Hannum took over the former HPHPI facility at the corner of Victoria and South King streets, gutted it and started from scratch. Hannum said watching his dream turn into reality replicated the adrenaline rush he experienced when attempting a field goal or PAT.
"Once again I was putting my neck on the line and that excited me," he said. "In football, you're either the hero or the goat. Just like kicking, I wanted to go for this.
"As Teddy Roosevelt once said, 'Far better it is to dare mighty things, to win glorious triumphs, even though checkered by failure, than to take rank with those poor spirits who neither enjoy nor suffer too much, because they live in the gray twilight that knows not victory or defeat.' "
In other words, Hannum reached for the stars, going for the best there was in technology and comfort. The company's Web site calls InVision a "patient-focused, spa-like environment."
The facility has a 3.0 Tesla Scanner, something not normally seen outside of a university or hospital. Films are available for patients to take with them or are online for physicians to view; there are same-day appointments with late and weekend hours; and free transportation geared to the elderly and bus riders.
The best part for those with claustrophobia or panic disorders? Patients are given fully digital audio/visual goggles with choices of live TV, standard CDs and DVDs.
"The 'InVision Experience' it's a tremendous tool to help patients work through anxiety," Hannum said. "When I first purchased the MRI, I wanted to be the first to go in it. I'm not a wuss, but I wanted to get out of there. The next time, with the goggles, I had ESPN on and fell asleep."
Hannum fell in love with Hawaii on his recruiting trip in 1996. A graduate of the same small high school (Linfield Christian in Temecula, Calif.) as current UH kicker Dan Kelly, Hannum was originally a walk-on.

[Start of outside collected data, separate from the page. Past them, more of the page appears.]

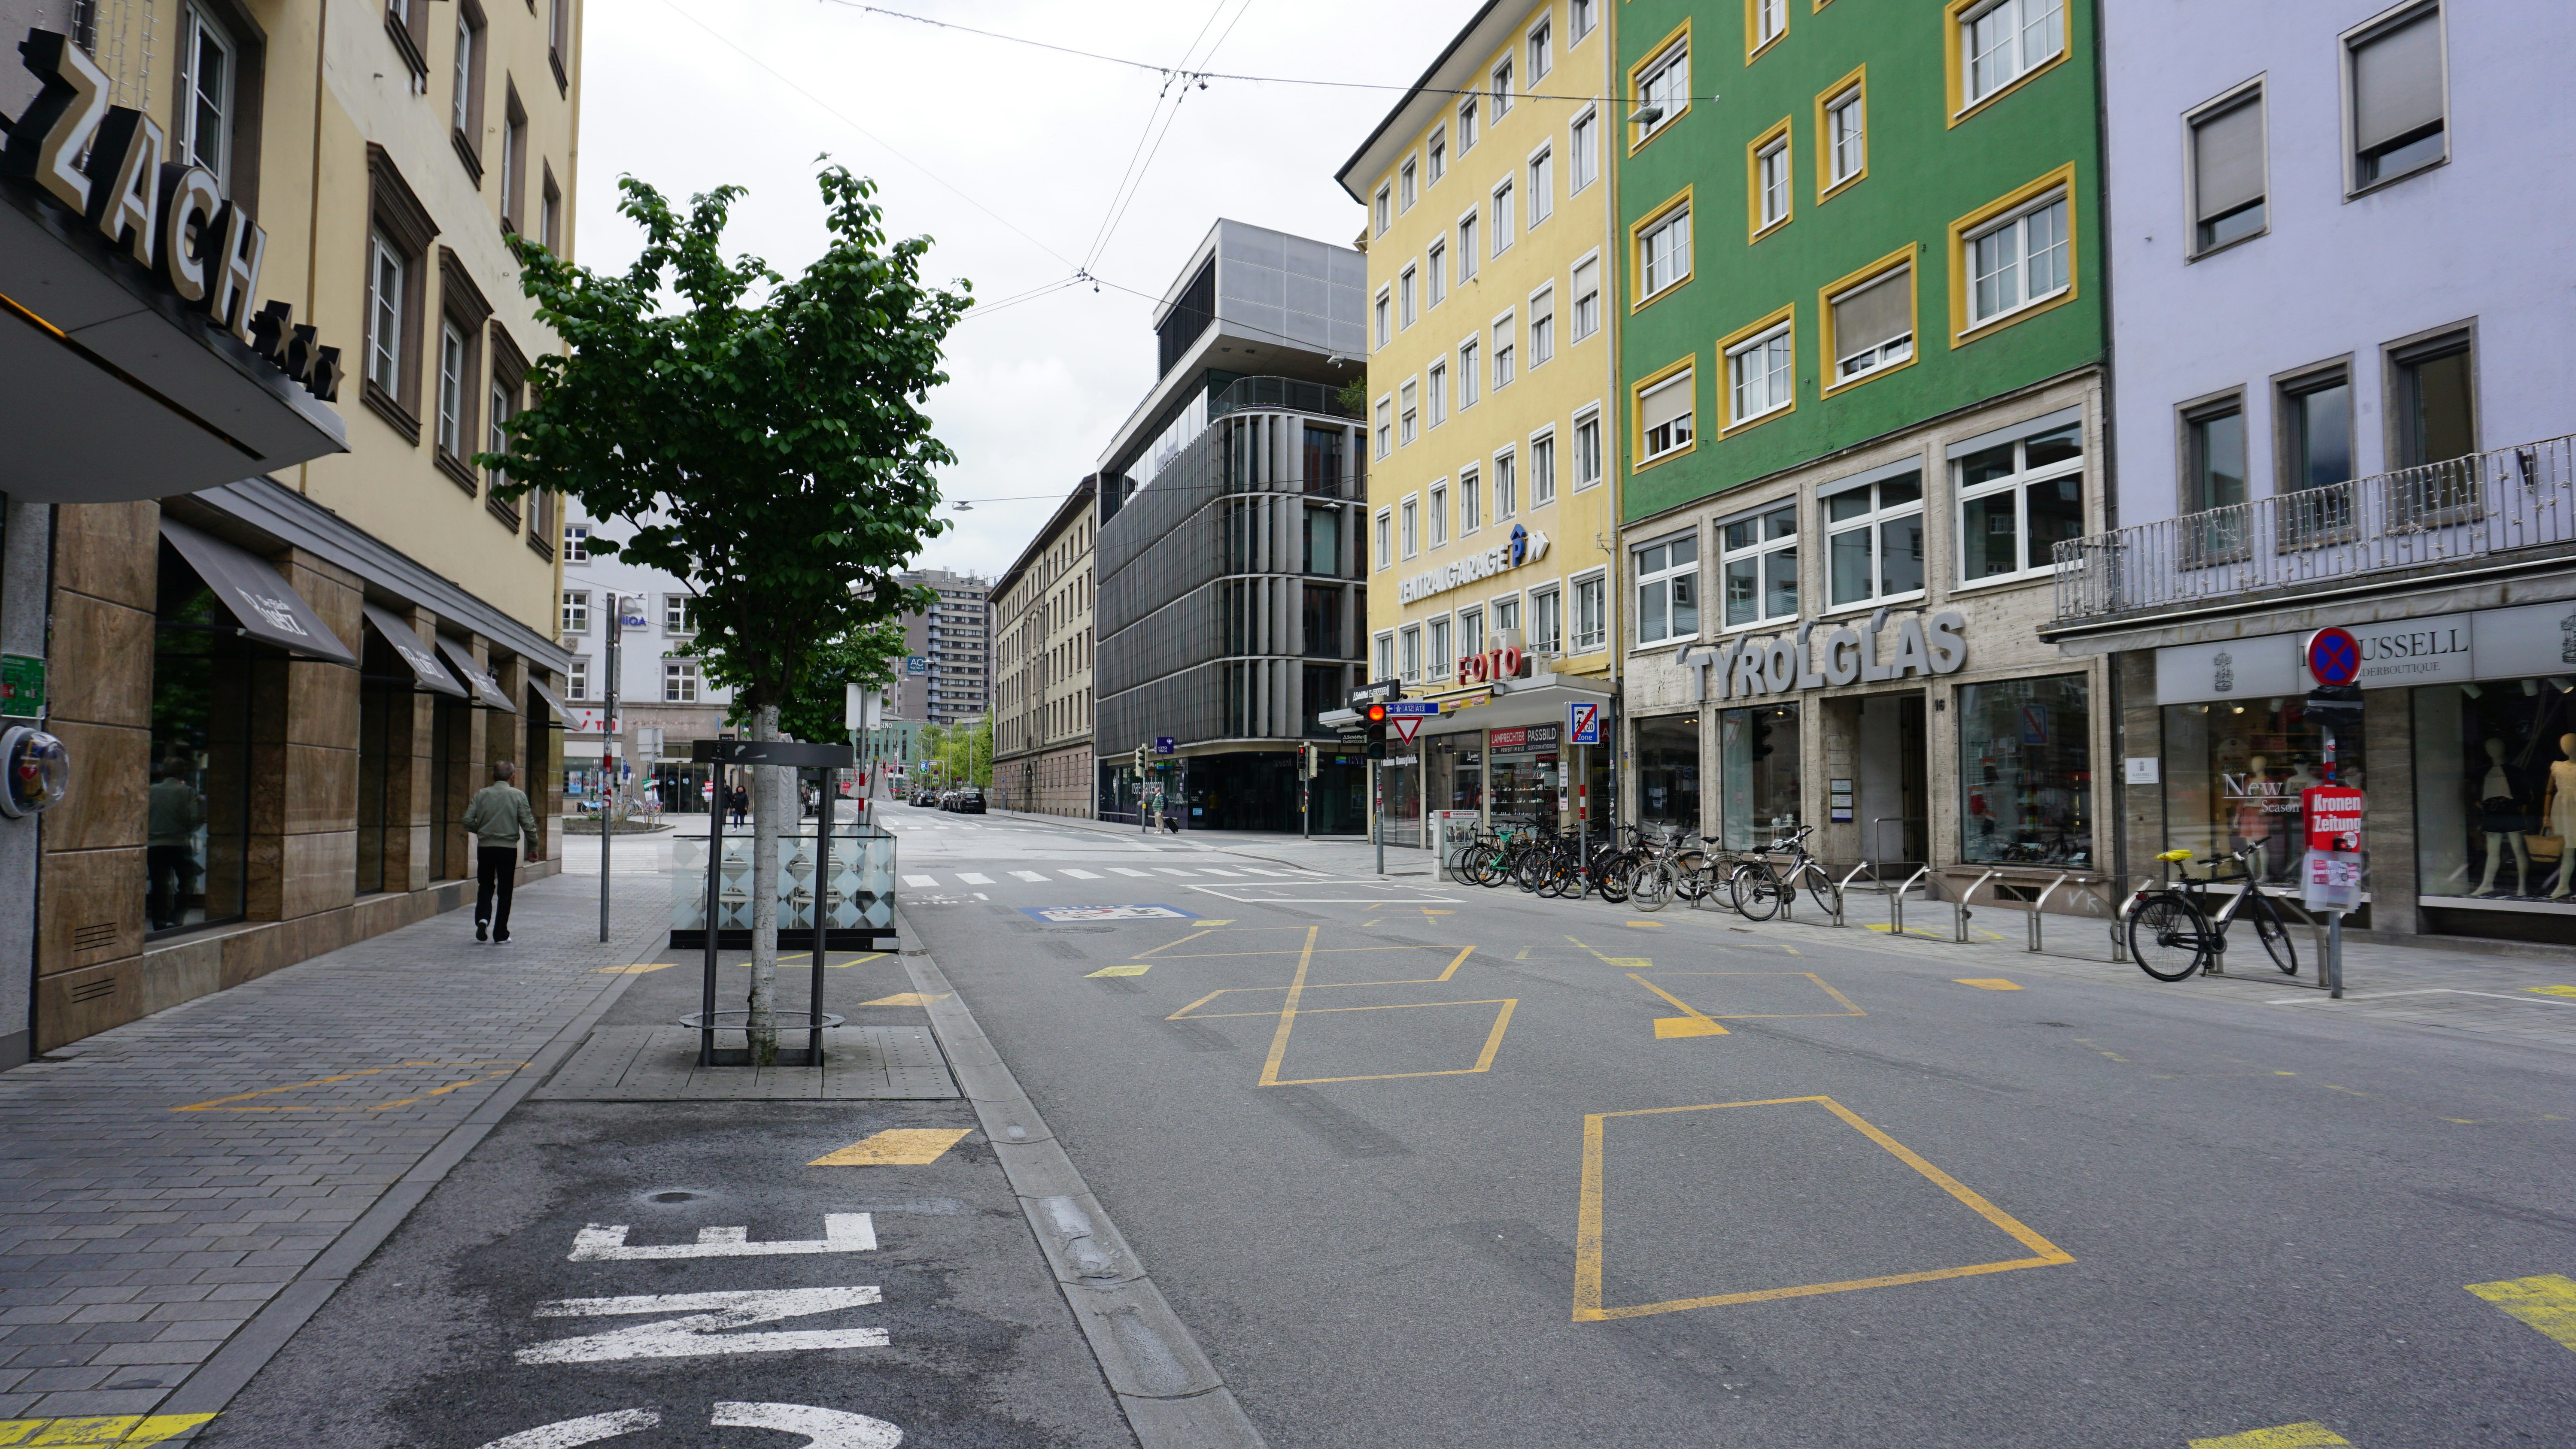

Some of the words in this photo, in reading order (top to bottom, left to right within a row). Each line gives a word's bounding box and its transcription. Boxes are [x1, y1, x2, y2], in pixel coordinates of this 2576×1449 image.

[26, 28, 266, 341] ZACH
[1398, 543, 1508, 605] ZENTRALGARAGE
[622, 615, 647, 626] IQA
[1458, 646, 1522, 685] FOTO
[1687, 612, 1967, 701] TYROLGLAS
[2360, 662, 2441, 677] DERBOUTIQUE
[1935, 699, 1945, 711] 16
[1492, 731, 1525, 744] LAMPRECHTER
[1528, 728, 1556, 742] PASSBILD
[2223, 773, 2283, 795] New
[2261, 800, 2300, 812] Season
[2314, 794, 2361, 812] Kronen
[2313, 814, 2361, 834] Zeitung

"I'll never forget when Fred (then-coach vonAppen) said he was putting me on scholarship," Hannum said. "It allowed me to stay here and not burden my parents.
"I knew when I came this was a special place. It's why I've chosen to stay here, to be involved in the community. It sounds cliche-ish, but it's true that it's the people who make Hawaii special.
"Just playing for the University of Hawaii was an unbelievable experience, even being part of the worst-to-first record. Experiences like that have motivated me in my business decisions and mind-set. June taught us that team success is a prerequisite to personal success and the 'we before me attitude.' I think of my co-workers as my team."
On the UH career lists, Hannum ranks 12th in scoring (189 points), ninth in punt average (39.91 ypk) and tied for ninth for longest punt (70 yards, 1996, vs. Wisconsin).
Hannum has long been known for his involvement in the community and university, beginning with his involvement with Athletes in Action Christian group at UH. Diagnosed with Type 1 Diabetes four years ago, he is on the board of the local Juvenile Diabetes Foundation chapter, and he's also worked with high school kickers and punters.
Although he didn't make the trip to New Orleans for the Sugar Bowl -- "Starting up the new business I couldn't get away," he said -- Hannum feels strongly about being part of the legacy that helped set the program back in a positive direction.
His next goal? Partner with UH in meeting the needs of athletes.
"UH has given me so much, opened so many doors," he said. "I want to be involved and give back."